After the floor had attempted to eat me at the other unit, I had no doubts I’d find everything else on Margaret’s list would come a distant second, but a wise woman took the time to look at the other offerings first, even when the final choice seemed obvious.
Twelve
Apparently, I’m adopting a dog and a kitten today.
A wiser woman would’ve waited to sign the lease until seeing the other offerings, but after my impulse purchase of a car and meeting my new bathtub and fireplace, I’d abandoned any wisdom I’d accumulated over the years. Add in the short hike to work and a secure garage to keep my Mercedes, and I couldn’t see many downsides to my situation beyond a deep-set need to never lose my job.
My savings would only last so long if I joined the ranks of the unemployed.
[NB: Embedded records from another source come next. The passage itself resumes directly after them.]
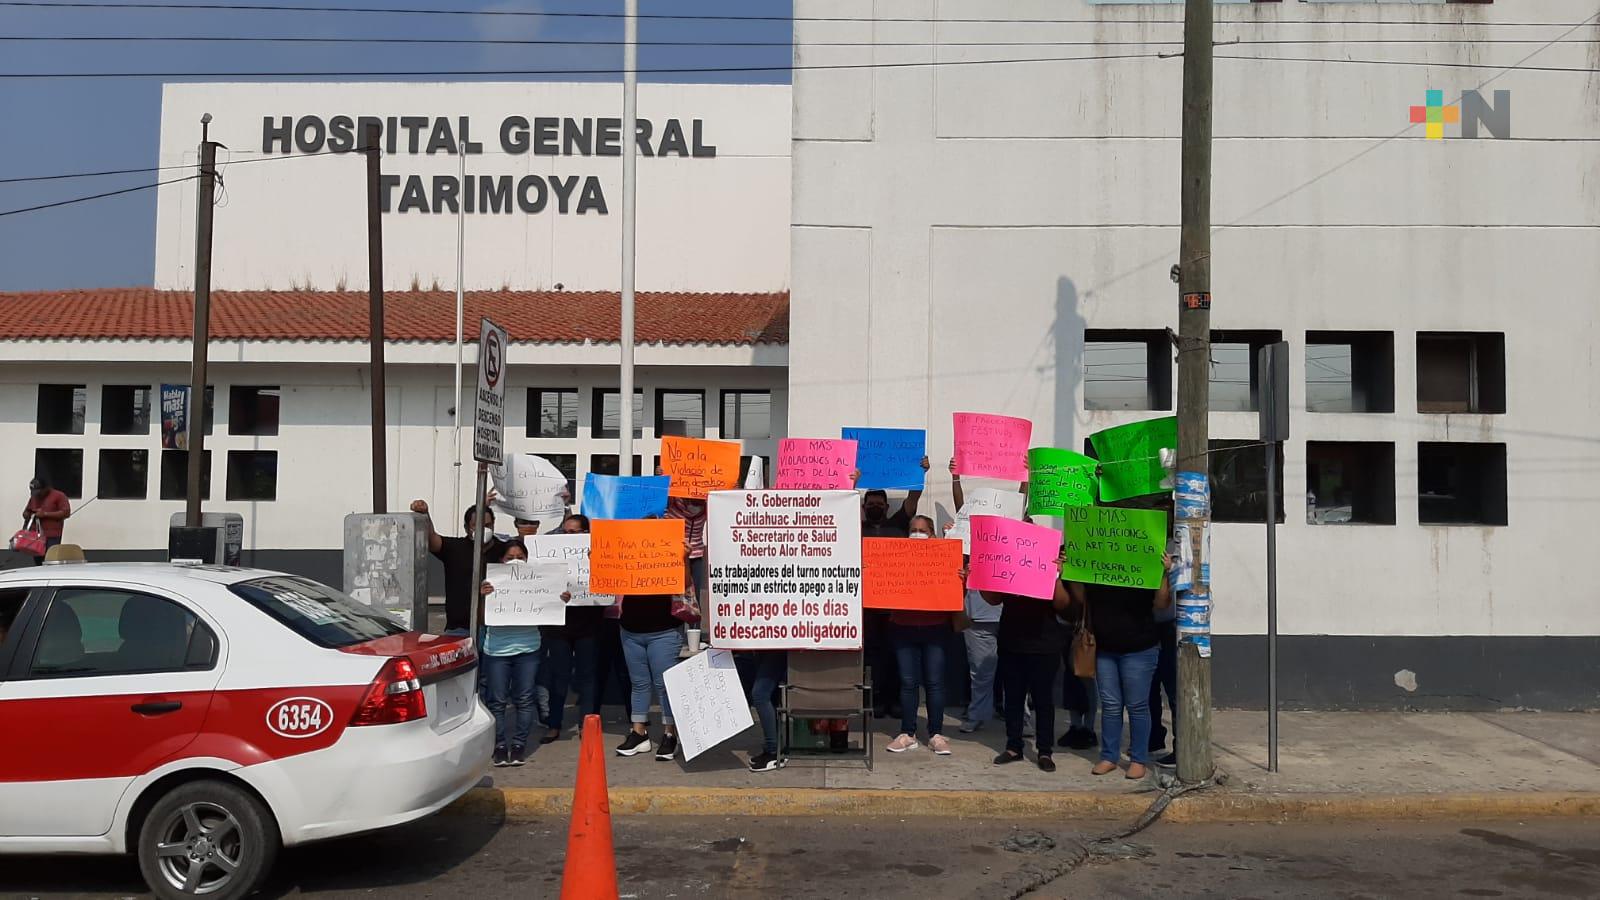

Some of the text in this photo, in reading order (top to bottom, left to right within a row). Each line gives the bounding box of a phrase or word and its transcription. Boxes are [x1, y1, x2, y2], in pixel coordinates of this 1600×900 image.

[262, 114, 716, 158] HOSPITAL GENERAL
[379, 173, 609, 215] TARIMOYA
[478, 407, 501, 427] DESCENSO
[477, 426, 500, 444] HOSPITAL
[667, 440, 682, 460] No
[697, 444, 707, 462] la
[783, 440, 795, 453] NO
[780, 455, 829, 467] VIOLACIONES
[836, 457, 849, 466] AL
[812, 468, 824, 477] DE
[828, 468, 839, 477] LA
[745, 493, 822, 508] Sr. Gobernador
[735, 511, 835, 526] Cuitlahuac Jiménez
[1070, 507, 1088, 522] NO
[732, 529, 837, 543] Sr. Secretario de Salud
[976, 522, 1038, 551] Nadie por
[1086, 527, 1149, 540] VIOLACIONES
[534, 539, 558, 559] La
[740, 543, 832, 557] Roberto Alor Ramos
[1085, 541, 1104, 551] ART
[1125, 543, 1138, 553] DE
[1143, 545, 1155, 553] LA
[978, 552, 1047, 571] encima de la
[1070, 557, 1087, 568] LEY
[1130, 564, 1143, 574] DE
[709, 564, 723, 578] Los
[724, 564, 779, 581] trabajadores
[781, 564, 795, 578] del
[797, 564, 820, 578] turno
[821, 565, 861, 578] nocturno
[992, 563, 1016, 584] Ley
[1093, 573, 1145, 586] TRABAJO
[712, 580, 749, 597] exigimos
[750, 582, 762, 594] un
[763, 580, 797, 594] estricto
[799, 583, 826, 597] apego
[827, 583, 834, 594] a
[835, 580, 844, 594] la
[845, 580, 859, 597] ley
[717, 598, 849, 621] en el pago de los días
[714, 620, 858, 643] de descanso obligatorio
[277, 702, 322, 731] 6354
After sharing the bottle of wine with Jacob, neither Margaret nor I could drive, and Luke played chauffeur, making certain we made it to the other viewings scheduled in for the night. While the places had middle of the road pricing, they reminded me more of the nightmare apartment than the luxury Jacob offered.
Sure, I would pay a ridiculous amount per month for it, but I deserved a little luxury and better than settling for the absolute minimum.
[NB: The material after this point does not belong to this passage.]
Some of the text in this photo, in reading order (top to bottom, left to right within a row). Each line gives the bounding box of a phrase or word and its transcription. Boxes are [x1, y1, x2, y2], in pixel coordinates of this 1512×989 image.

The next morning, rocking a hangover I wouldn’t forget, I took a cab to work so I wouldn’t crash my car into something or puke on the sidewalk trying to walk. Garret intercepted me on the way to my office, and he came armed with a tiny white puffball of a kitten and a monster of a white dog with a charming black splotch over its left eye.
I’d seen a dog just like it before: Annabel Lee.
“What breed?”
“The kitten is a ragdoll, and the puppy is a Great Pyrenees. Your new landlord gave me a call last night, warned me you’d be coming in possibly still drunk, apologized for giving you so much wine, and shared a video of you crushing Margie at pool. He really, really wanted me to ask my sister about pets for you, but the shelter only had one big, white, fluffy dog, and that’s this old, tired man. They were found together abandoned, and the old man here doesn’t like when anyone takes his kitten away. So, they’re a matched set. I stole them from the shelter this morning, and you get to pet sit today to see if you like them.”
Well, I now had an old dog and a kitten, as I abhorred when people dumped animals because they were old and tired. “Apparently, I’m adopting a dog and a kitten today.”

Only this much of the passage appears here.